カンパニーデラシネラ『ロミオとジュリエット』2016

標記公演を見た(7月15日 東京芸術劇場シアターイースト)。この作品は、2011年9月28日に、世田谷ものづくり学校でも見ている。元教室が舞台。2、3mの至近距離から、子供椅子に座って見た記憶がある。今回は機構の整った劇場。照明・音響・衣裳、演出の細部は変わっていたが、実質は変わらず。小野寺修二の傑作だと思う。
構成・選曲の素晴らしさは言うまでもない。マイム、ダンス、発話を含む演技という、異なる表現形態の繋ぎ目を見せない、練度の高い演出がすごい(他の作品ではダンスが突出することもあった)。さらに、役者のマイム・ダンス・演技の強度を、同レベルにする指導力も。加えて小道具の扱い。ルパージュと共有するローテク志向は、劇場マジックへの愛である。小さい人形・馬・家・喋る胸像などを、生身の肉体と地続きに存在させる力がある。
前回同様、最も驚かされたのが殺しの場面。ティボルトのマキューシオ殺しは、マキューシオの持つトマトを、ティボルトがおもちゃの剣で突き刺すことで表す。ロミオのティボルト殺しは、ティボルトが持っていたキャベツを、ロミオがメチャメチャに千切ることで表す(直前にティボルトは、キャベツを昂然とむしって食べている)。天才の発想。
終幕、ベッリーニ『ノルマ』の清冽なアリアが流れる中、息絶えるロミ・ジュリ。客席ではすすり泣く声も。カラフルなリボンが四方から床に投げられると、二人は立ち上がり、全員でフリスビーを投げ合って、生から死に向かって疾走した二人を祝福するように終わる。
出演者は、ジュリエットとマキューシオ以外は前回と同じ。
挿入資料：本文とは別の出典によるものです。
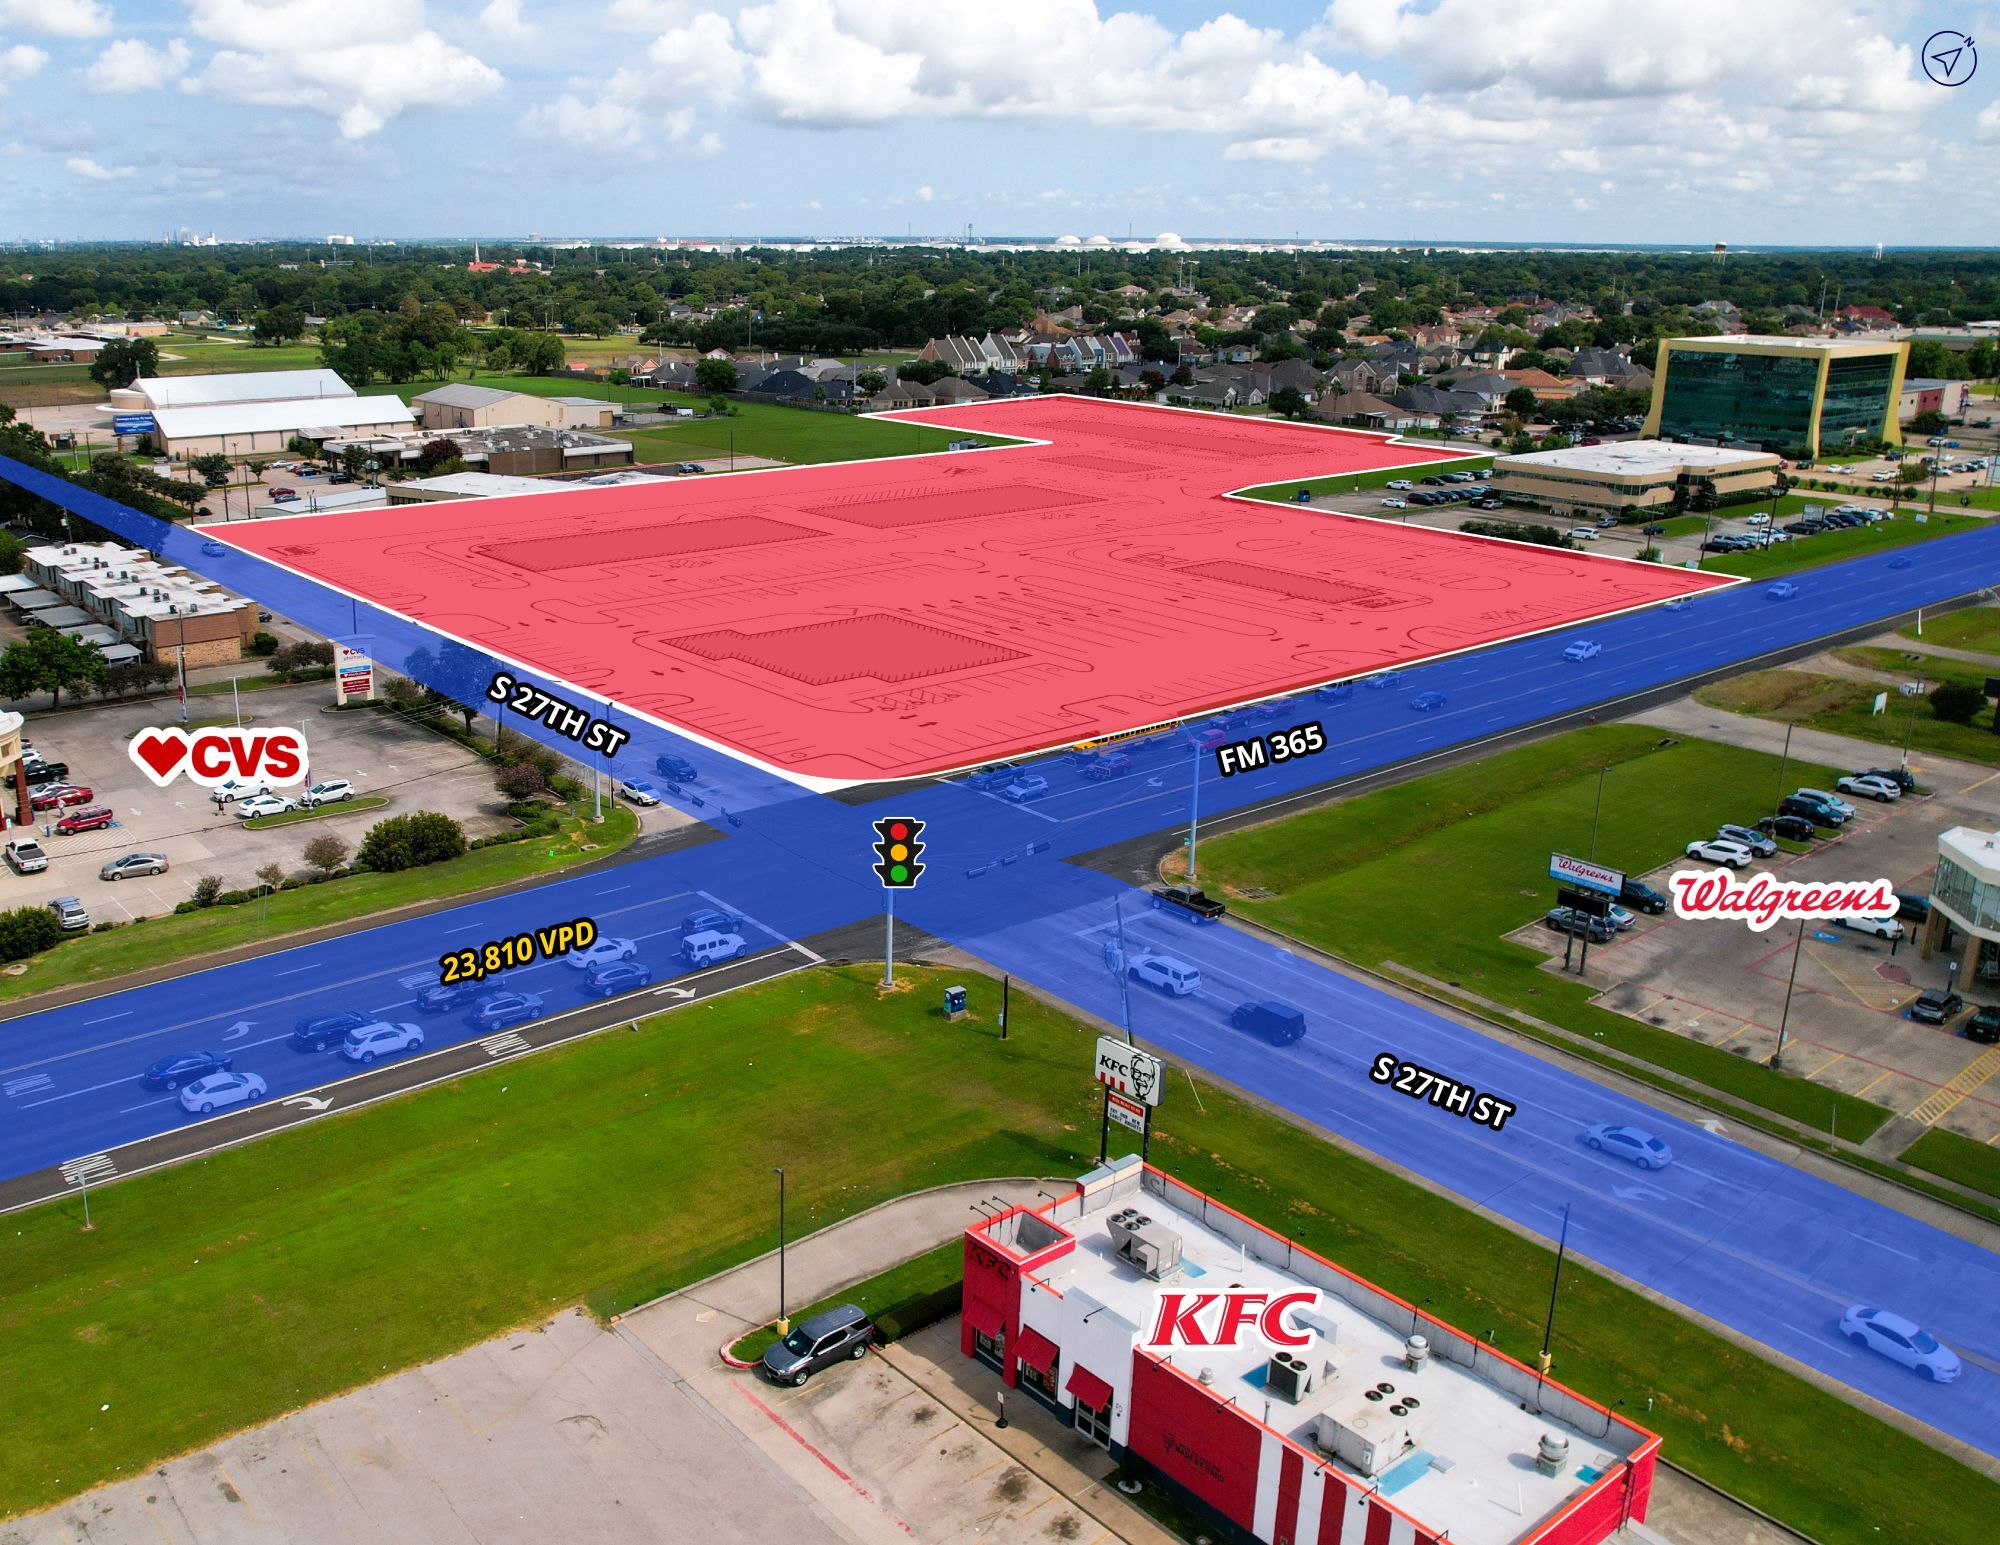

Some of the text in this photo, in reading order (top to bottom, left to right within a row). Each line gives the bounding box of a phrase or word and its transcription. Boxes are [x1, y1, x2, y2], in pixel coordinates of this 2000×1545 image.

ロミオの斉藤悠は、持ち前の気品に若者の不安定さを滲ませて、はまり役。ジュリエットの崎山莉奈はしっかりしたお嬢様、パリスとマキューシオの王下貴司は、発声がやや上ずっていたが、観客との繋ぎ役をにぎやかに務めた。神父とキャピュレットの大庭裕介は自在、意識が丹田にある。乳母の藤田桃子も、もちろん自在。前回は「ホニャラガ」を連発し、台詞を端折っていたが、今回は、小声で喋る技を駆使して、乳母の滑稽味を見せる。客席のくしゃみに節度を保って反応するのは、いかにもももこん。小型ティボルトの小野寺は、疲れ知らず。キャベツのむしり喰いのみで、ティボルトの不敵な性格を表した。
直前まで学校巡回公演に参加し、25回ほぼ連日の過酷なスケジュールをこなしている。通常の演劇よりもはるかにきつい気がするが、これほど面白い芝居を見ることができた子供たちは、幸せだと思う。